[Opening Data provided section]

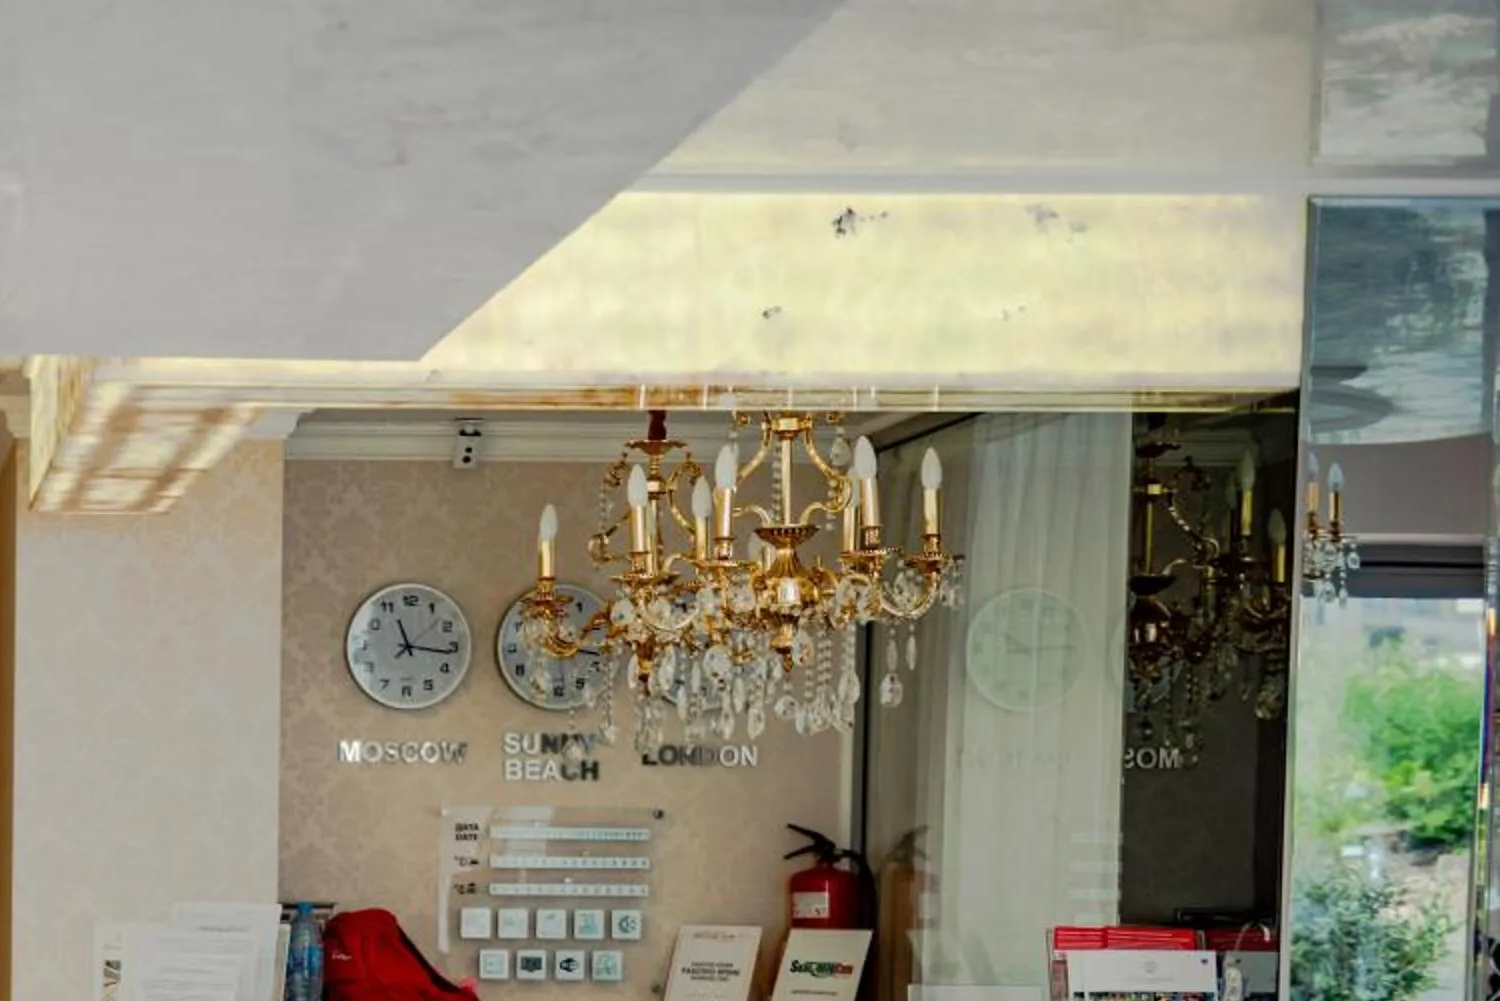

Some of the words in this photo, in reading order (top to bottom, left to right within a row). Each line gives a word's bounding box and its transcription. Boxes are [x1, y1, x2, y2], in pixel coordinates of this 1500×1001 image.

[381, 601, 394, 614] 11
[403, 595, 419, 607] 12
[338, 740, 467, 764] MOSCOW
[641, 745, 758, 767] LONDON
[505, 759, 599, 780] BEACH

[Closing Data provided section]

» **Exercise directions**
In your copy, exclude the pictures and repeat each entry above exactly.

» **Result for this exercise**
Some of the words in this photo, in reading order (top to bottom, left to right within a row). Each line gives a word's bounding box and its transcription. Boxes are [x1, y1, x2, y2], in pixel coordinates of this 1500×1001 image.

[381, 601, 394, 614] 11
[403, 595, 419, 607] 12
[338, 740, 467, 764] MOSCOW
[641, 745, 758, 767] LONDON
[505, 759, 599, 780] BEACH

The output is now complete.